From vending cigarettes and flower leis, many of them have turned to prostitution, drug pushing and petty crimes to survive. In recent years, the problem has been complicated by the migration of tribal folk from some violence-plagued regions in southern Mindanao island, which is wracked by a Muslim separatist insurrection, to
Metropolitan Manila. Foreign pedophiles who prey on the children are a continuing menace, although they had been driven underground because of a government crackdown with the help of countries where many originate.

In their latest estimate, Philippine officials say there could be as much as 220,000 street children in the entire Philippines, half of them in the metropolis. They lead awful lives, sleeping openly in the cold, begging or selling their bodies to earn a pittance and support their parents. Their appearance tells much of the hell they are in.

The government has a program to put children out of the streets into foster homes or public shelters but even people who run them would say that there isn’t enough money to rescue even a small percentage. And with Asia’s continuing financial crisis, a long history of poverty in the Philippines and a conservative Catholic church that doggedly guards against government promotion of artificial means of birth control, the number of street children would still predictably swell.

Of the 220,000, welfare officials say about 70 percent of the street children have homes but work on streets peddling goods, doing odd jobs, or begging to supplement family income; 25 percent have homes but only contact their families occasionally; while 5 percent are abandoned and are living in the streets. Children in the last category are the most vulnerable to abuse.

I have felt sorry seeing adults waste their lives in idleness in Philippine shantytowns but it’s doubly frustrating seeing children being wasted at so an early age. Seeing their faces as they tap in your car window, you will almost discern the sordid story of their lives without them uttering a word.

It’s interesting to see how the government and the church perennially get into a fight over how to solve the country’s rapid population growth, currently at 2.3 percent a year, which would subsequently limit the flow of children into streets.
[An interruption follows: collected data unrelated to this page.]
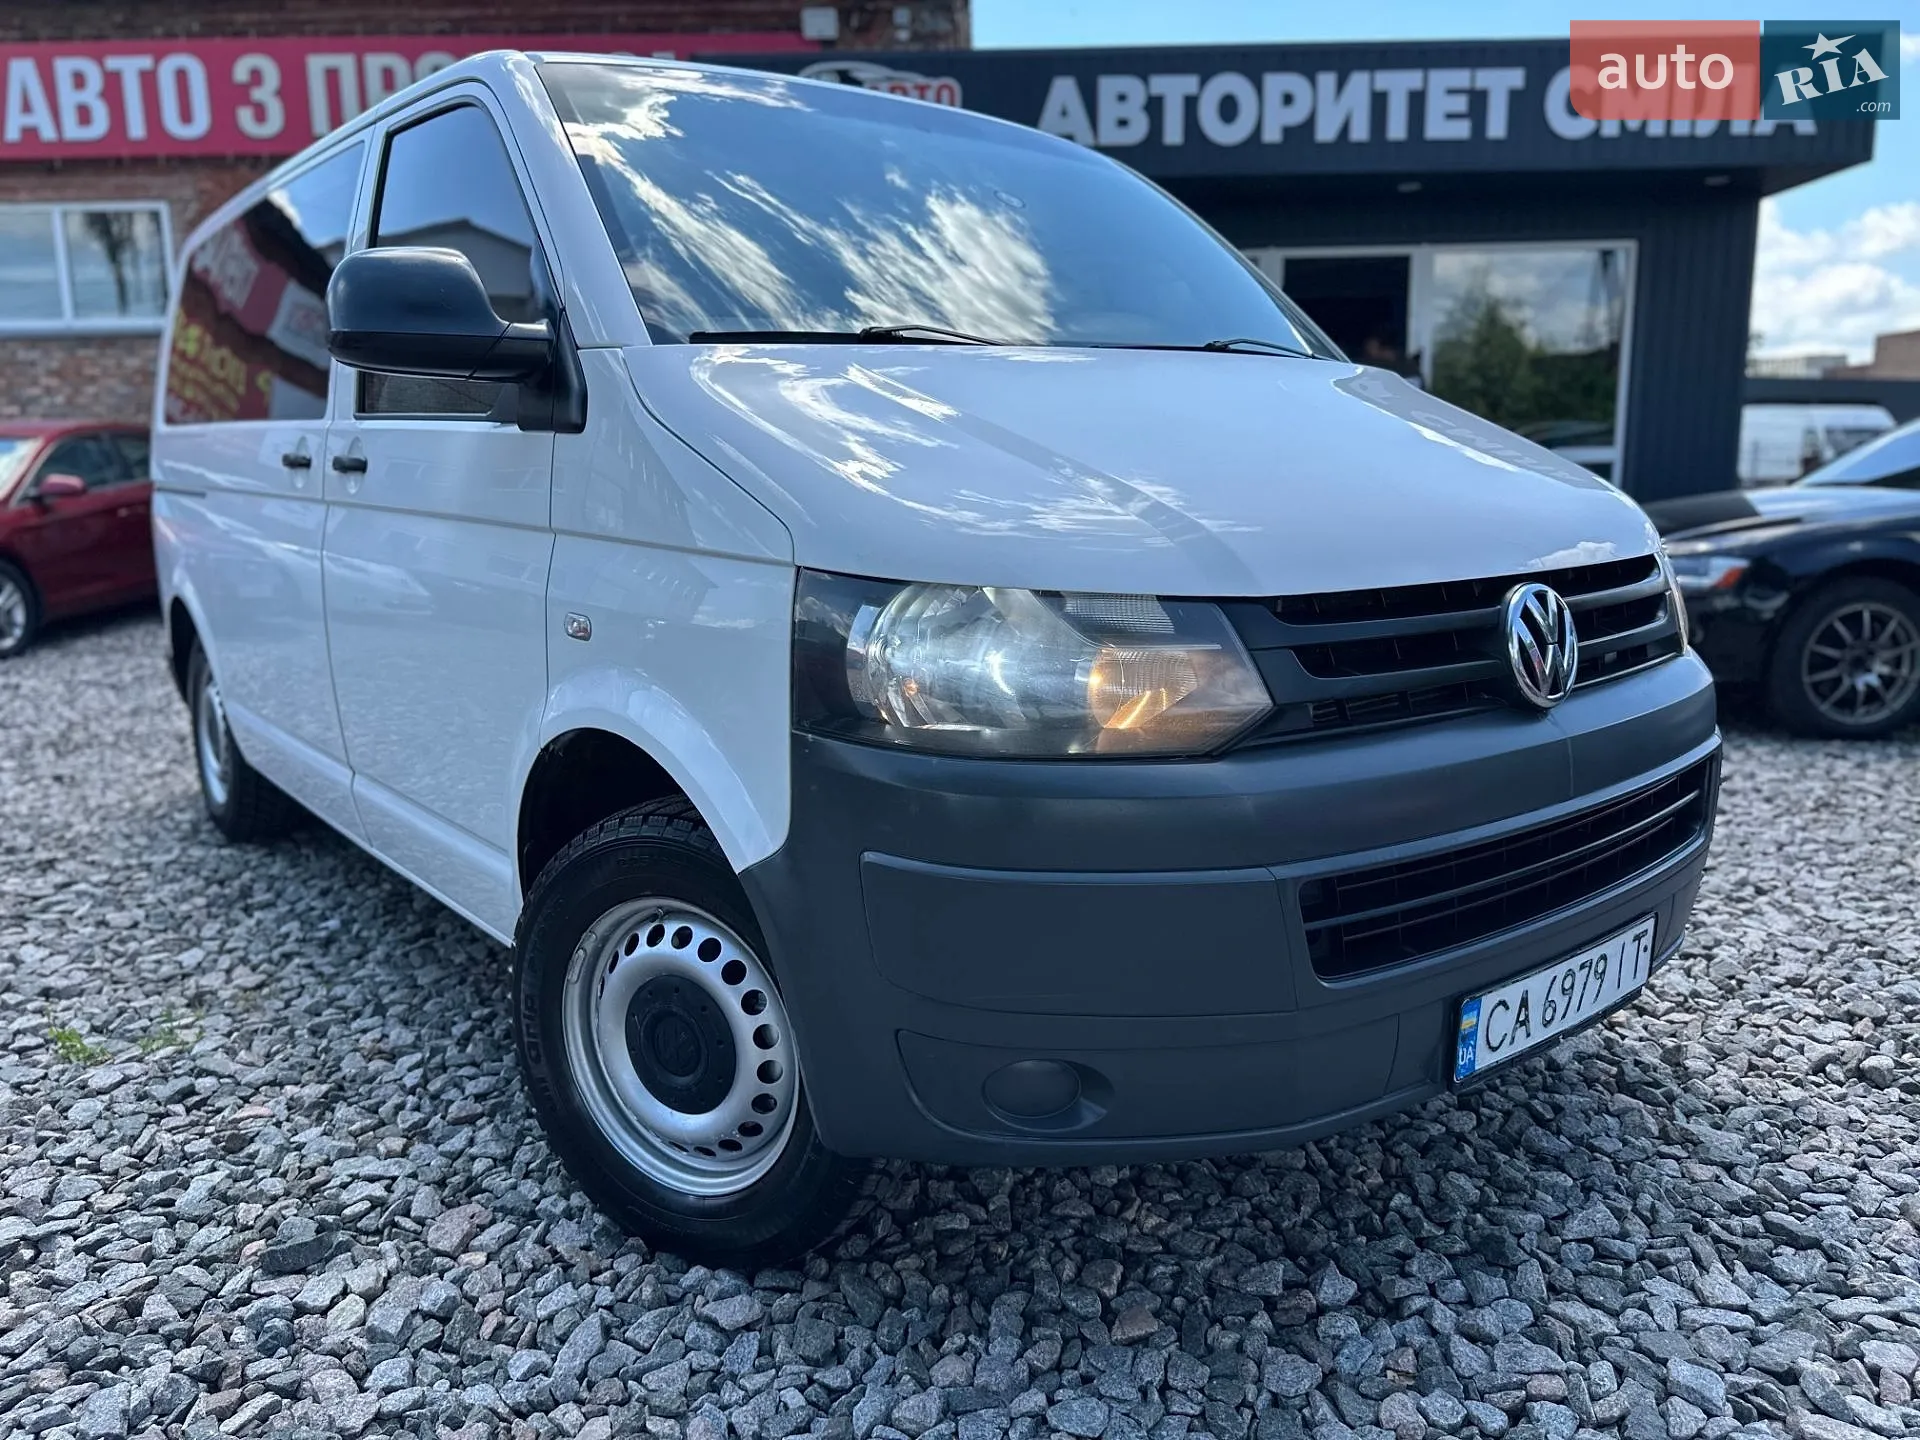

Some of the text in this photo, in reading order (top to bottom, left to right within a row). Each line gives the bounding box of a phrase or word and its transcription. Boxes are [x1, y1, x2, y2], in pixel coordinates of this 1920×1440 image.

[3, 51, 212, 143] АВТО
[1037, 67, 1527, 148] АВТОРИТЕТ
[1485, 989, 1532, 1052] CA
[1541, 952, 1609, 1029] 6979
[1458, 1045, 1475, 1066] UA
When former President Fidel Ramos, the country’s first Protestant leader, openly advocated artificial birth control, the church waged a protest by harnessing its flocks into large public demonstrations that threatened to undermine Ramos’s administration.
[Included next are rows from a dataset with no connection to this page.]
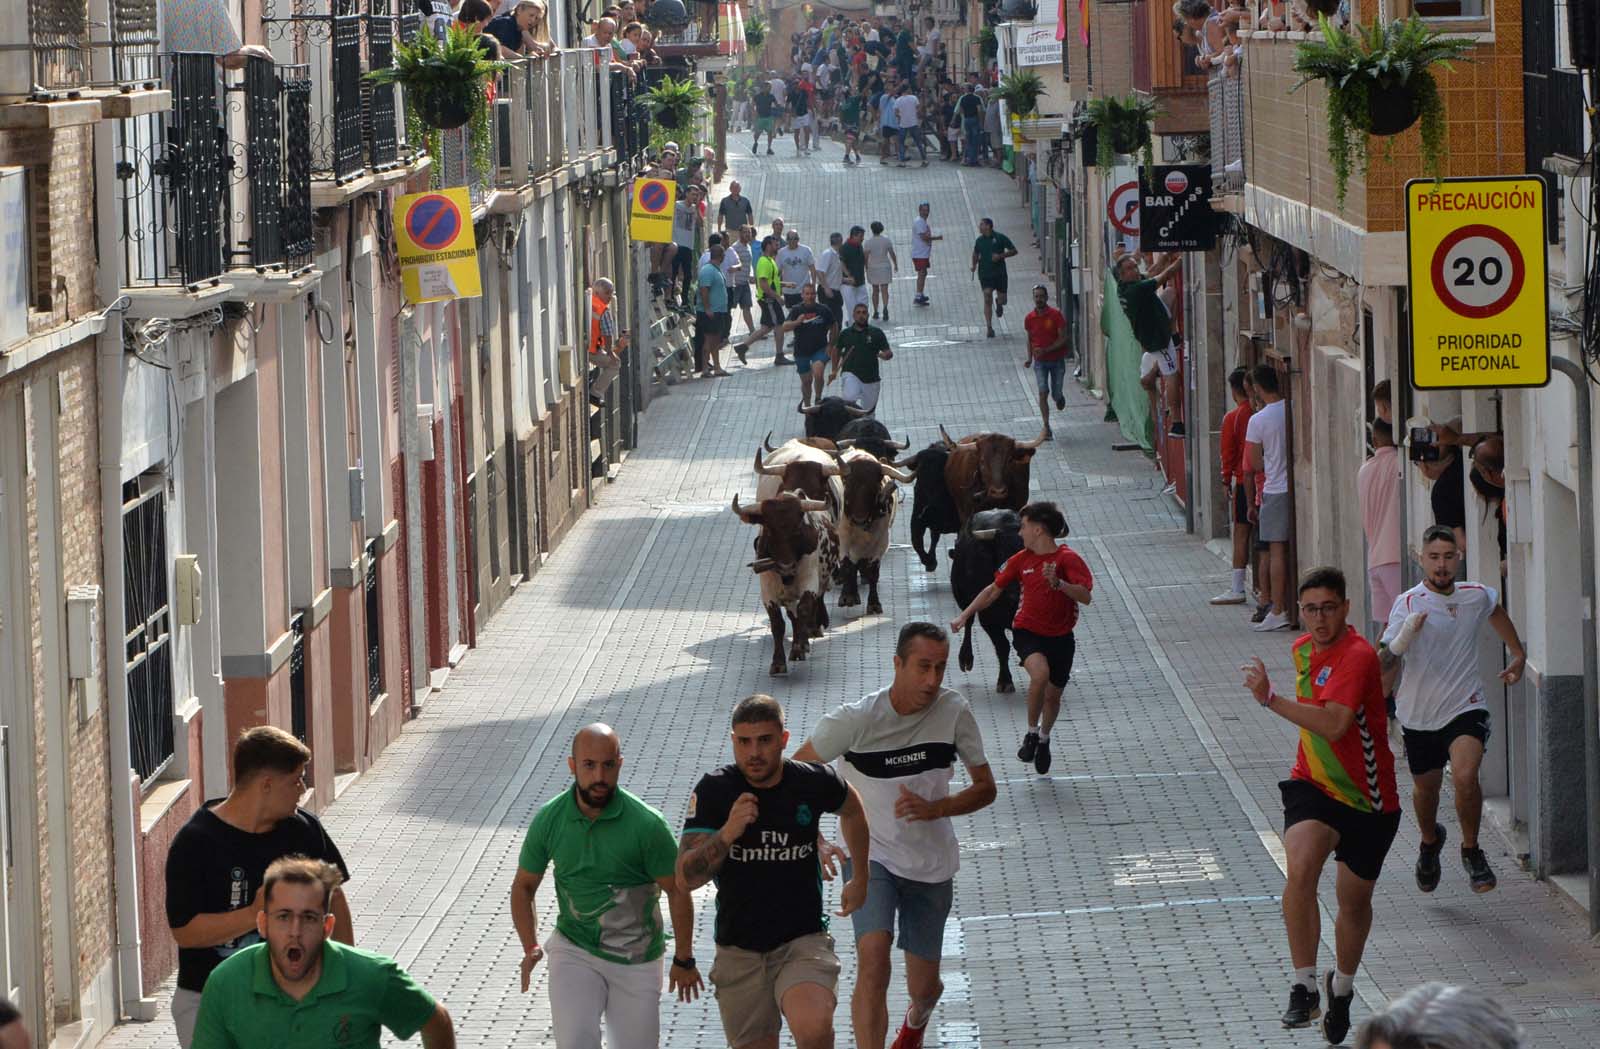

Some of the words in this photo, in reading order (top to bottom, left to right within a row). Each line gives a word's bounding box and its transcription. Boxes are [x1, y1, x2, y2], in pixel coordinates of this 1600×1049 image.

[1145, 196, 1174, 206] BAR
[1418, 185, 1535, 211] PRECAUCIÓN
[401, 254, 435, 266] PROHIBIDO
[436, 248, 476, 261] ESTACIONAR
[1452, 257, 1503, 286] 20
[1438, 334, 1522, 350] PRIORIDAD
[1441, 355, 1520, 371] PEATONAL
[885, 751, 927, 766] MCKENZIE
[761, 831, 788, 846] Fly
[729, 842, 814, 862] Emirates
Threatened, the administration slowed down its campaign. Ramos’s successor and current President Joseph Estrada, initially opposed family planning. He said that as an eighth child he would not have been born had his parents practiced birth control. But he has since begun advocating birth control, saying the Philippines must limit its rapid population growth to raise living standards for its people, a third of whom live in poverty.

Estrada’s administration, however, also have to cautiously wage their campaign into a tone that would not openly anger church leaders. The church, which only allows natural but often ineffective means of birth control, contends that the government is to blame for widespread poverty and the spread of street children, having failed to improve the economy to a level that would keep children happily in their homes.
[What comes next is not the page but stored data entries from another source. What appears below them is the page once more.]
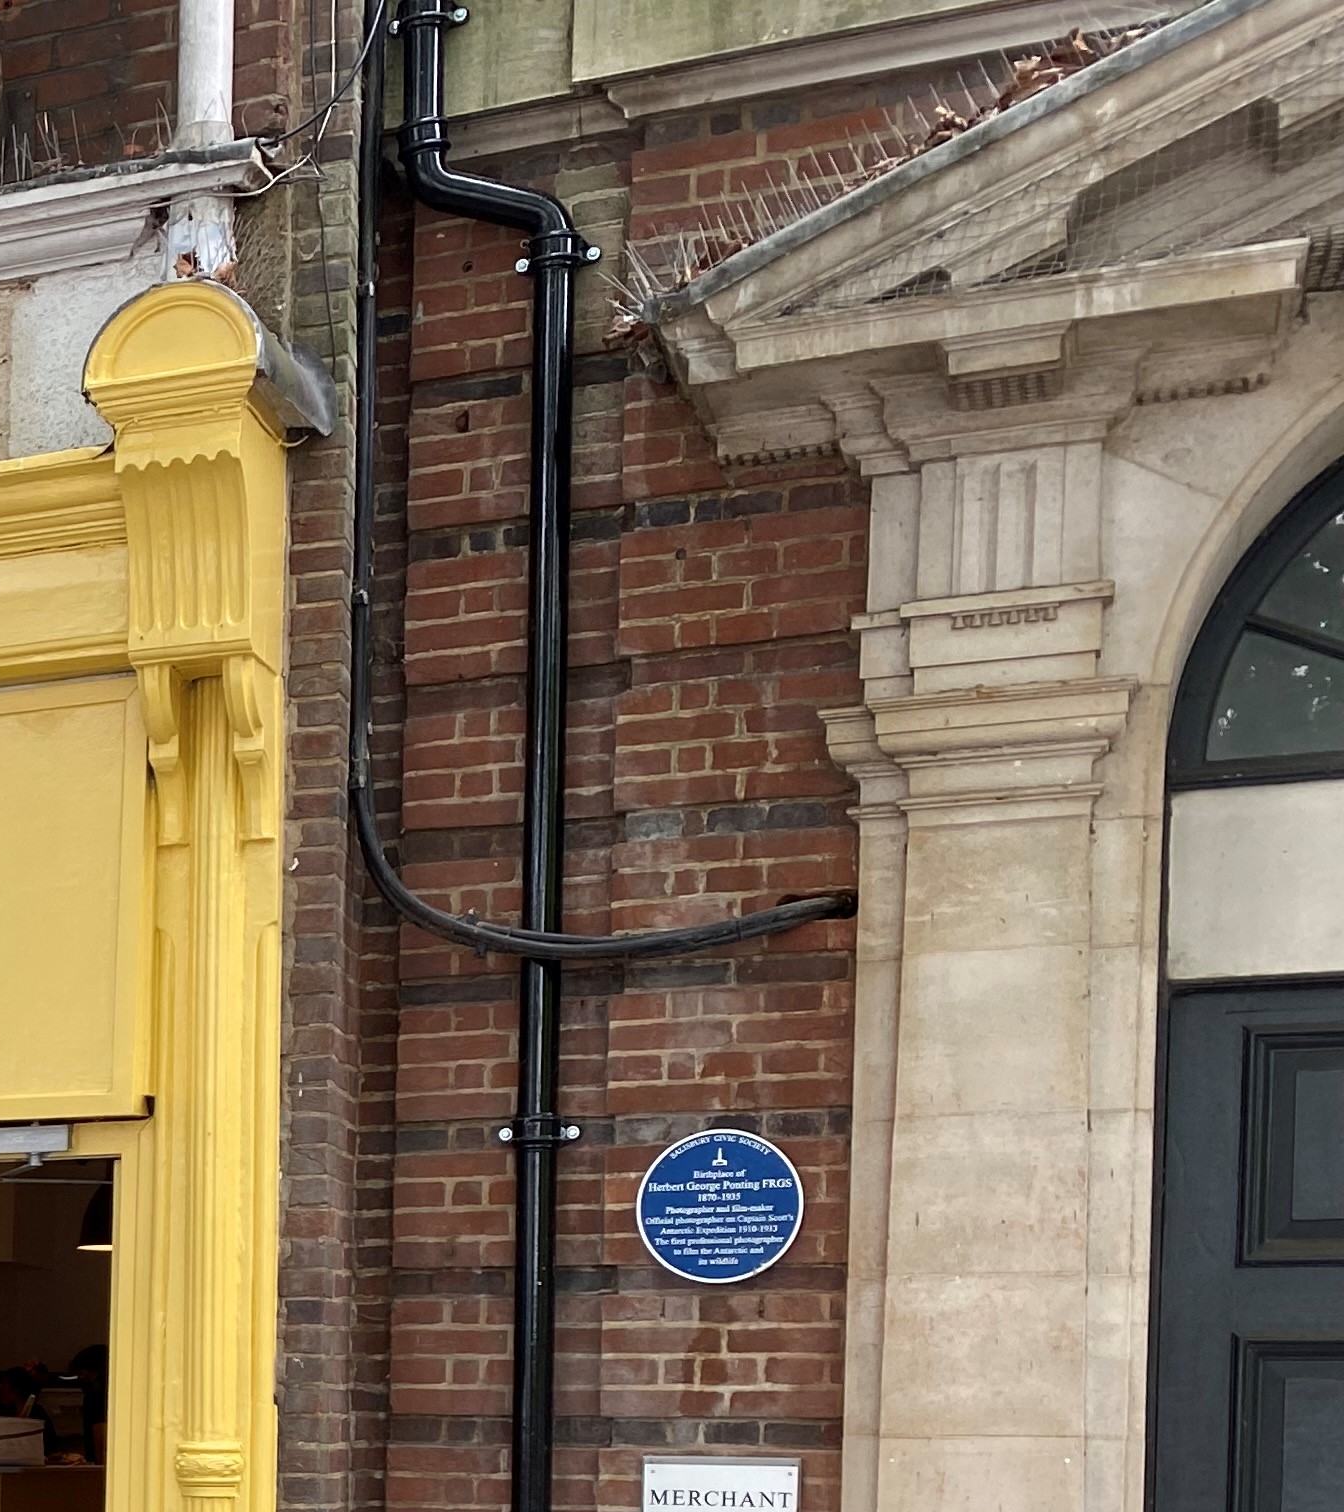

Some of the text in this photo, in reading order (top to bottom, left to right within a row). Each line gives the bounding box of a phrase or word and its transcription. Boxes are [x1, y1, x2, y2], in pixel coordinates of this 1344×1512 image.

[669, 1136, 711, 1160] SALISBURY
[739, 1137, 771, 1156] SOCIETY
[693, 1169, 747, 1179] Birthplace of
[649, 1178, 792, 1192] Herbert George Ponting FRGS
[698, 1193, 740, 1202] 1870-1935
[666, 1206, 714, 1215] Photographer
[737, 1215, 766, 1223] Captain
[696, 1227, 736, 1236] Expedition
[650, 1488, 793, 1510] MERCHANT
In a recent visit to Manila, I was waiting for a taxi in a street in Malate, a part of the city’s former but comebacking red-light district, when a downpour forced me to stepped back to ward off the rain. The rain was so heavy it sounded like a deafening roar from where I was. It was then that I heard a baby, obviously, less than a year old, trying to crawl out of the embrace of her mother, who was asleep in the pavement and half covered with a carton. The baby apparently was awakened by the sudden thunderstorm.

Nearby, many groups of dolled up, teen-aged prostitutes, run for cover from a plaza in front of a church, where they wait for customers and foreign tourists.

I was thinking of the baby girl, whether she could even survive the elements to a life in hell waiting nearby.